The invention provides two driving modes of video and audio to drive the target person, and the driving modes are various and can meet various requirements. The resolution precision of the network reaches 512 x 512, and a relatively high-definition face video result can be obtained.

According to the invention, through the cloud service scheme, the user can upload images, audios and driving videos, and the target video is obtained through a remote computing method, so that the problem of no display card resource is avoided.

Finally, it should be noted that: the above examples are only intended to illustrate the technical solution of the present invention, but not to limit it; although the present invention has been described in detail with reference to the foregoing embodiments, it will be understood by those of ordinary skill in the art that: the technical solutions described in the foregoing embodiments may still be modified, or some technical features may be equivalently replaced; and such modifications or substitutions do not depart from the spirit and scope of the corresponding technical solutions of the embodiments of the present invention.

Claims

1. A human face image animation method based on motion and voice characteristics is characterized by comprising the following steps: an image driving mode and a voice driving mode; the image driving mode is as follows: inputting a talking video of one face and a face of another person to obtain a dynamic image video of the other person which is originally a static picture; the voice driving mode is as follows: training is carried out aiming at a specific figure, when the feature of another person is used for prediction, the feature is converted into the voice feature of the trained person in one step, the voice feature is converted into the face feature, and the face image animation is obtained.
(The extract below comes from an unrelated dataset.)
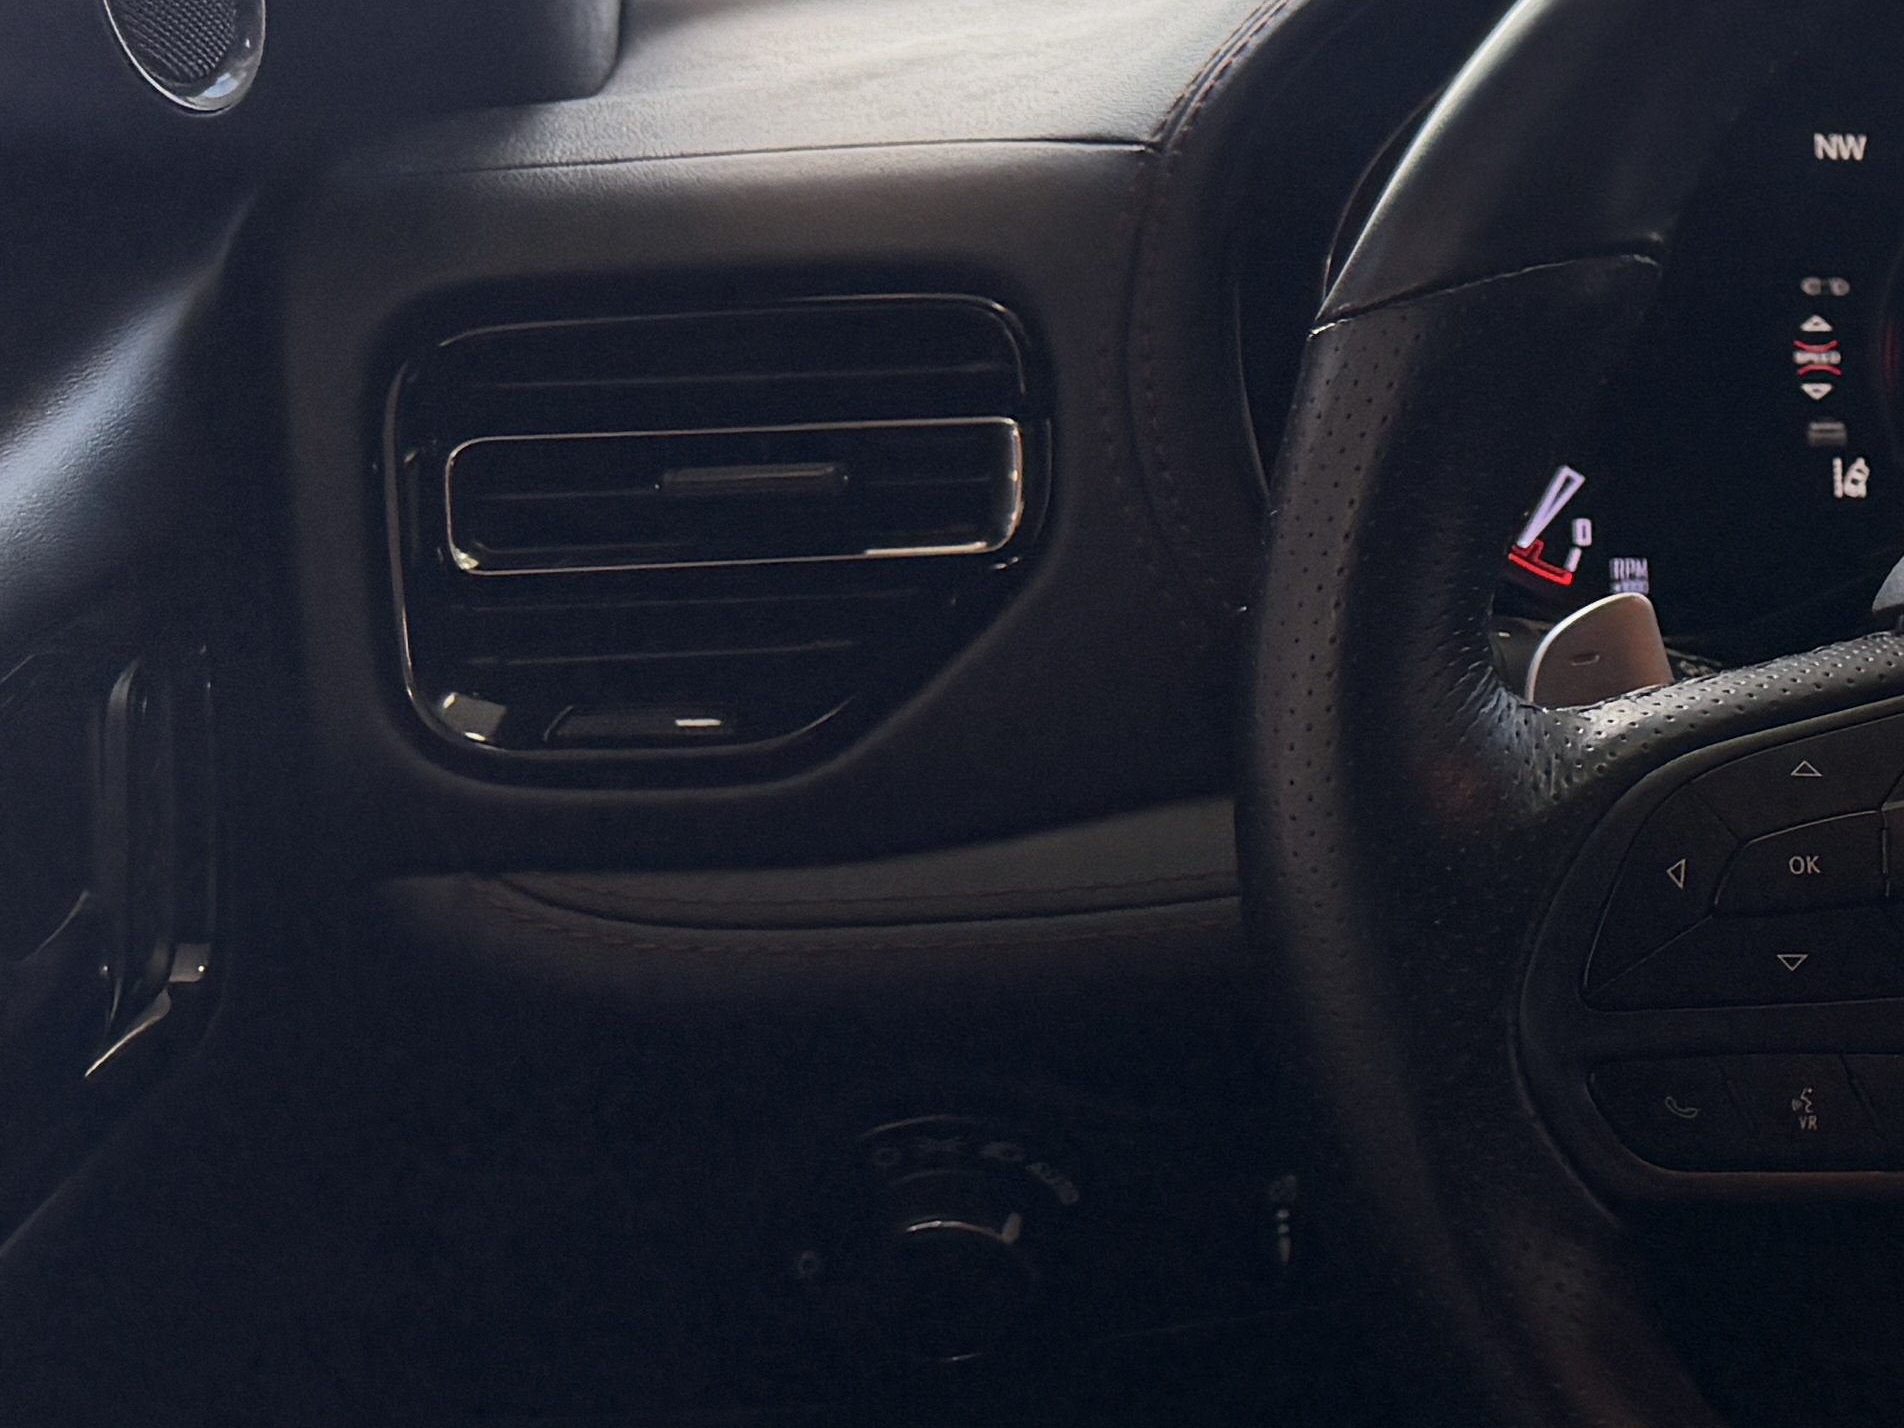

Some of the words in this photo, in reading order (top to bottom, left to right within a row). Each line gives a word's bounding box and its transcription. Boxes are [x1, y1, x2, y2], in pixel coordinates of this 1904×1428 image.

[1813, 133, 1867, 161] NW
[1609, 557, 1649, 580] RPM
[1788, 855, 1821, 875] OK
[1799, 1115, 1819, 1131] VR
2. The human face image animation method based on the motion and the voice characteristics as claimed in claim 1, wherein the image driving mode comprises three steps of key point detection, motion extraction and image generation;

3. The method for animating human face images based on motion and speech features according to claim 1, wherein the specific method of the speech driving mode is as follows: firstly, extracting the characteristics of source audio, and after obtaining the audio characteristics, carrying out characteristic mapping on the audio characteristics according to the sound characteristics of a trainer so as to find the expression of the characteristics in a training person space; after the audio characteristics are obtained, establishing the corresponding relation between the audio characteristics and the mouth shape characteristics, and after the mouth characteristics are obtained, integrating the parameters of the eyebrows and the head postures of the eyes and the head obtained by sampling to obtain a characteristic map of the whole face; and finally, generating an image of the characteristic image to obtain a human face image animation.

4. A human face image animation system based on motion and voice characteristics is characterized by comprising an image driving module and a voice driving module; wherein the content of the first and second substances,

5. The system of claim 4, wherein the image driving module comprises a key point detecting unit, a motion extracting unit and an image generating unit;

6. The system of claim 4, wherein the voice driving module comprises: the device comprises a target audio feature extraction unit, a feature integration unit and an image generation unit; wherein the content of the first and second substances,

7. The system of claim 4, further comprising a cloud server allowing the user to upload the character image, audio and motion video to the cloud server, and the cloud server automatically calculates the corresponding result to be returned to the user after receiving the request.